Jadilah buku ini tidak hanya sarat kisah petualangan belaka, tapi juga menyajikan reportase historis yang aktual. Tak hanya berkutat dengan bahasa-bahasa akademis yang rumit-kaku, Ahmad Yunus justru menyajikan bacaan yang informatif dan tentu saja inspiratif. Ahmad Yunus menunjukkan kritik terhadap ke-Indonesia-an kita, juga nasionalisme kita. Sejauh mana sebenarnya kita mengenal Indonesia? Seperti apa realitas Indonesia di lautnya? Dan yang terpenting, mengapa kita harus bangga pada Indonesia? Saya kira, kita punya jawaban sendiri-sendiri atas pertanyaan-pertanyaan itu.

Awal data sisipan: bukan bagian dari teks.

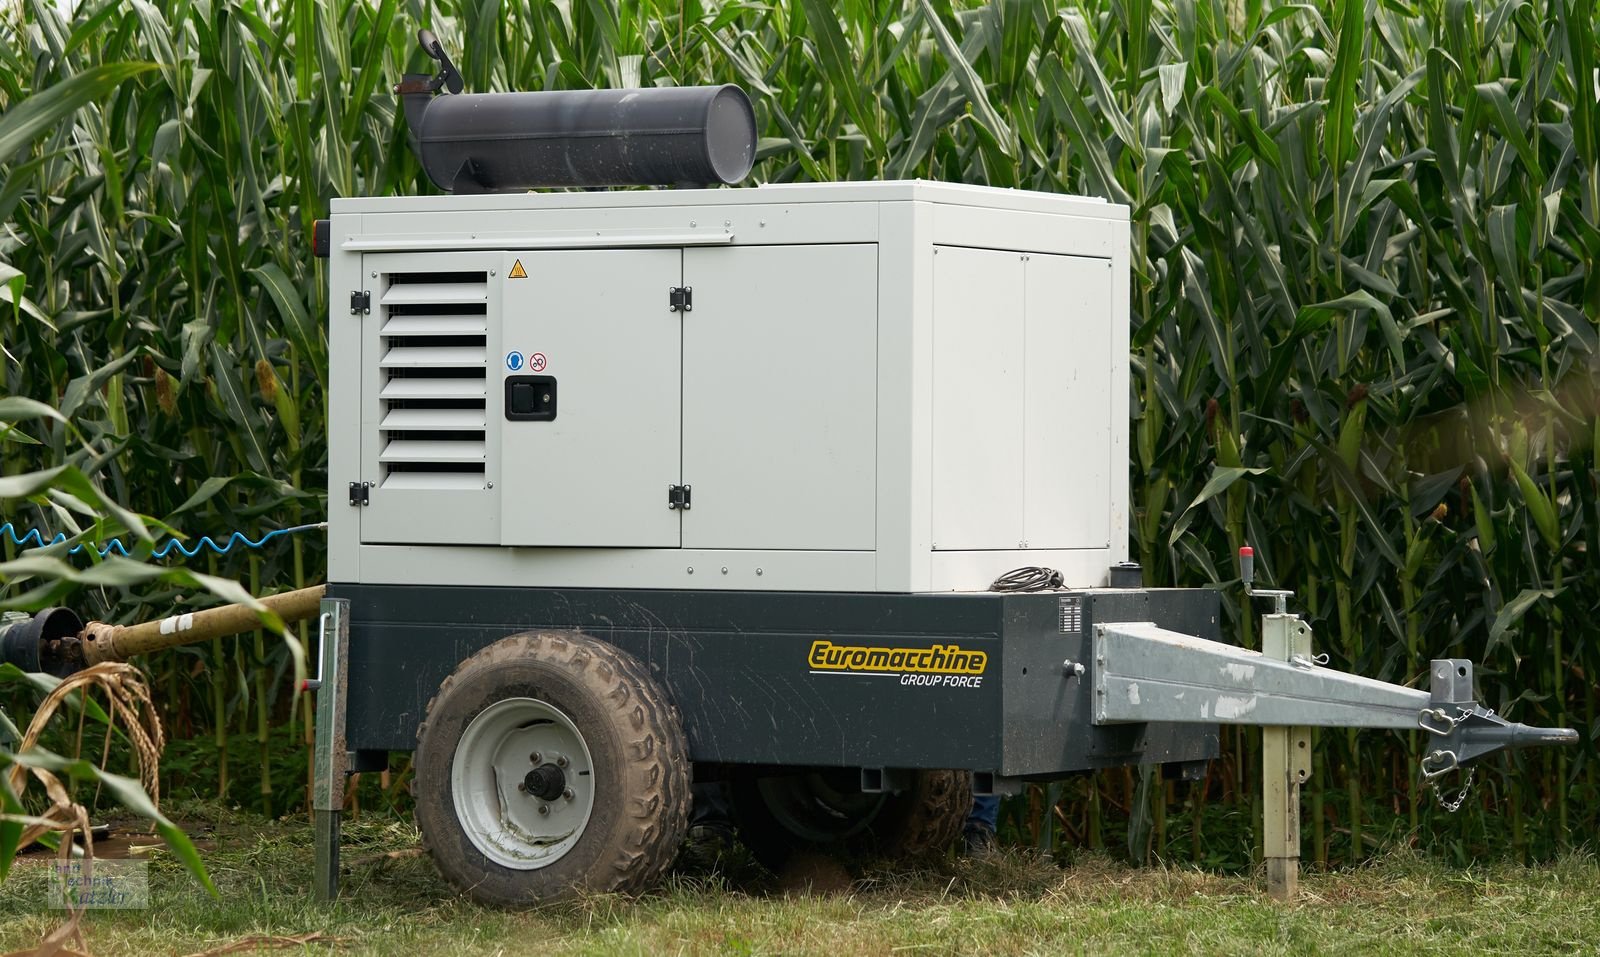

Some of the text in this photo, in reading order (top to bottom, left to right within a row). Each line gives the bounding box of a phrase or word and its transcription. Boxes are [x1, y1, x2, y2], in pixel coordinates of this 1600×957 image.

[809, 642, 986, 674] Euromacchine
[900, 674, 983, 688] GROUP FORCE

Sayangnya, masih banyak kesalahan-kesalahan redaksi dalam buku ini. Dibanyak tempat terdapat kesalahan-kesalahan teknis penulisan yang mendasar. Salah tulis maupun kesalahan cetaknya. Juga ditemui banyak kalimat yang terkadang tidak sinkron dan ketidak tepatan penyampaian. Kekurangan yang kentara dan sangat di sayangkan adalah ritme narasi yang tiba-tiba anjlok di bagian-bagian akhir buku ini. Di awal-awal Ahmad Yunus seperti kebanjiran ide-ide dan menulis sangat detail. Namun seiring dengan berakhirnya ekspedisinya, ia tiba-tiba menurunkan tensi dan menulis dengan narasi yang datar lalu berakhir begitu saja. Antiklimaks yang mengambang.

Lepas dari itu semua, karya Ahmad Yunus ini patutlah diapresiasi. Tak banyak generasi muda seperti Ahmad Yunus yang mau dengan senang hati beranjak dari zona nyaman dan berkeliling Indonesia. Pemuda-pemuda kita masih terlalu suka kongkow-kongkow atau nonton konser artis dari negeri seberang. Sudah saatnya kita bangun dari itu semua. Indonesia masih butuh cinta kita. Kalau kita, putra-putri Indonesia, yang mencintainya lalu siapa lagi?

Lebih lengkap tentang kisah Ahmad Yunus dan Farid Gaban, baca di laman www.zamrud-khatulistiwa.or.id

Farid Gaban & Ahmad Yunus dalam Ekspedisi Zamrud Khatulistiwa

3 responses

  1. bukunya bisa jadi rekomendasi saya nih buat dibaca kelak 😀

    1. sangat direkomendasikan utk para petualang Indonesia agar mengenal bangsanya sendiri secara utuh menyeluruh. saya juga terkadang kepengen suatu saat menjelajah ke seluruh bumi katulistiwa ini 🙂

  2. wow..jarang-jarang ada buku yg bergenre seperti ini di Indonesia lhoo.